UK Structural Biology Forum

The structural biology community in the UK, both commercial and academic, has the potential to act as a reference body for defending existing infrastructure and identifying the future needs of the community. This includes appropriate funding streams, strategic and scientific objectives, and commercial opportunities.  Instruct was instrumental in helping to form a single UK forum which is representative of the entire community.

Aims

On behalf of the UK structural biology community, both commercial and academic:

·         To establish an active reference body for defending existing infrastructure and identifying future needs

·         To identify and respond to appropriate funding streams, strategic and scientific objectives, and commercial opportunities as they arise – often at short notice.

·         To facilitate face-to-face or web based consultations between the whole community or subgroupings reflecting more focused areas such as cryo-EM or imaging. This may include occasional general assemblies such as those hosted by Instruct in 2009 and 2010.

The importance of this body is demonstrated by the role of Instruct in providing the forum which established the concept for a UK national cryo-EM facility at Diamond.

Purpose

The UK structural biology (SB) community is an active and internationally leading informal grouping that has consistently delivered the highest impact research among UK biological and life sciences. The community is dependent on access to large capital-intensive infrastructure (e.g. Diamond) and often leads on world-leading technology developments around such infrastructure. The community underpins major UK-based industry in sectors such as pharmaceuticals, agri-sciences and industrial biotechnology. In the current financial climate, the community needs to reassert itself in terms of defending existing infrastructure support and establishing new funding streams to ensure that it remains internationally competitive and world leading. In July 2010 the community met in London under the auspices of the UK Instruct user group and a series of proposals were developed and agreed upon. Instruct is now operational and has helped to re-engage the UK structural biology community.

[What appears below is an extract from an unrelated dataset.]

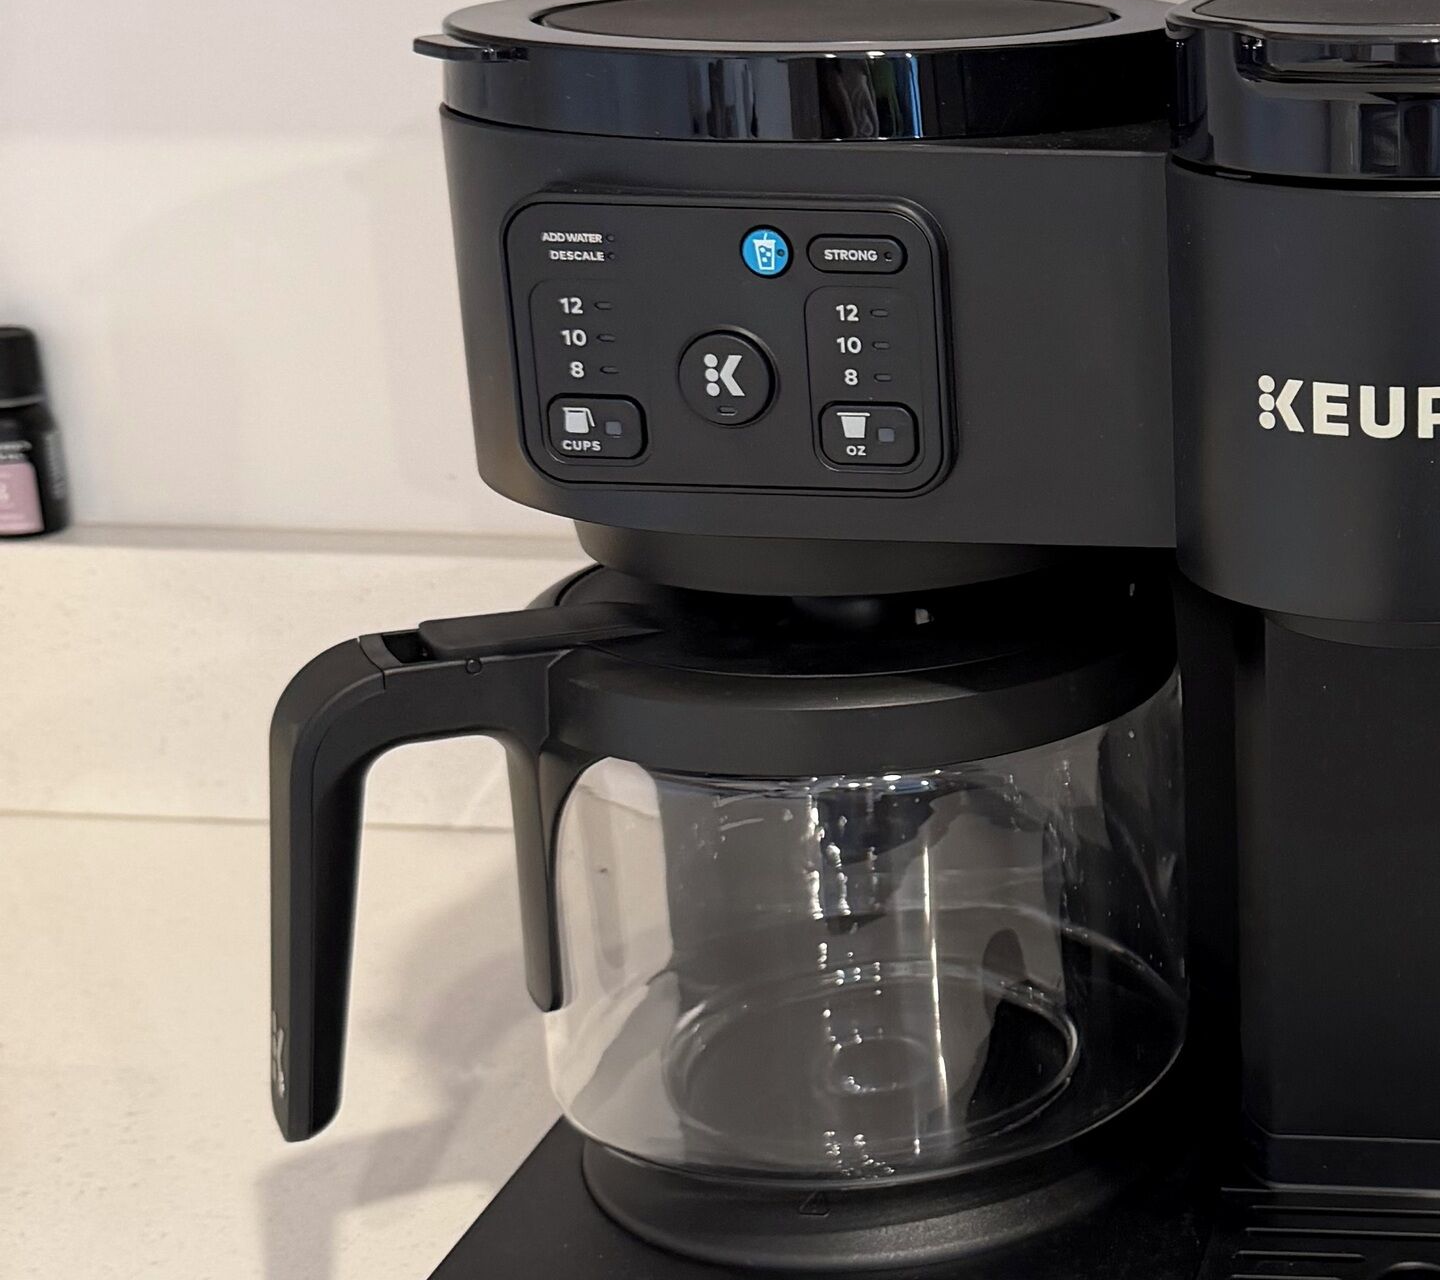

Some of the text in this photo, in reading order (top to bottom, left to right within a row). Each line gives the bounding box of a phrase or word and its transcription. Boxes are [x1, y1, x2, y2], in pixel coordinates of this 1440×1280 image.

The SB community is facing significant challenges in maintaining its international leading edge as government funding streams (RCUK and STFC) become limiting. This was highlighted by a STFC programmatic review on its investments covering a time horizon of 5-30 years and includes the case for UK involvement in European X-FEL developments. The review impacted not only on MX but also on infrastructures for cryo-EM and NMR in terms of regional and national facilities. It is vital that the UK SB community is able to react in a coordinated way to such opportunities and present a strategic vision of our needs – that is to be proactive rather than responding at very short notice to such initiatives. To give context to the potential effectiveness of such coordinated actions, the UK has invested £73M in the Elixir program for bioinformatics: the latter community has established a well-coordinated and effective pressure group. The Structural Biology Community, through the UK Structural Biology Forum, must do the same.

The UKSBF has provided information to stakeholders on the UK priorities for large scale capital investments in science and research with the focus on the future needs of the structural community. Information gathered community-wide using an on-line survey underpinned this document (96 responders) which fed into the report by the Russell Group, published in July 2014

Executive Committee members:

Tom Blundell (Chair, University of Cambridge and Astex Pharmaceuticals), Jim Naismith (Deputy Chair, University of St. Andrews)

Ben Bax (GSK), Justin Benesch (UOXF), Rob Cooke (Heptares), Jane Endicott (University of Newcastle), Paul Freemont (Imperial College), Gerard Kelywegt (EMBL-EBI), Steve Matthews (Imperial College), Jennifer Potts (University of York), Alan Roseman (University of Manchester), Helen Saibil (Birkbeck College), David Scott (University of Nottingham and RAL), Dave Stuart ( UOXF and DLS), Geerton Vuister (University of Leicester), Martin Walsh (DLS), Keith Wilson (University of York), Martyn Winn (STFC RAL).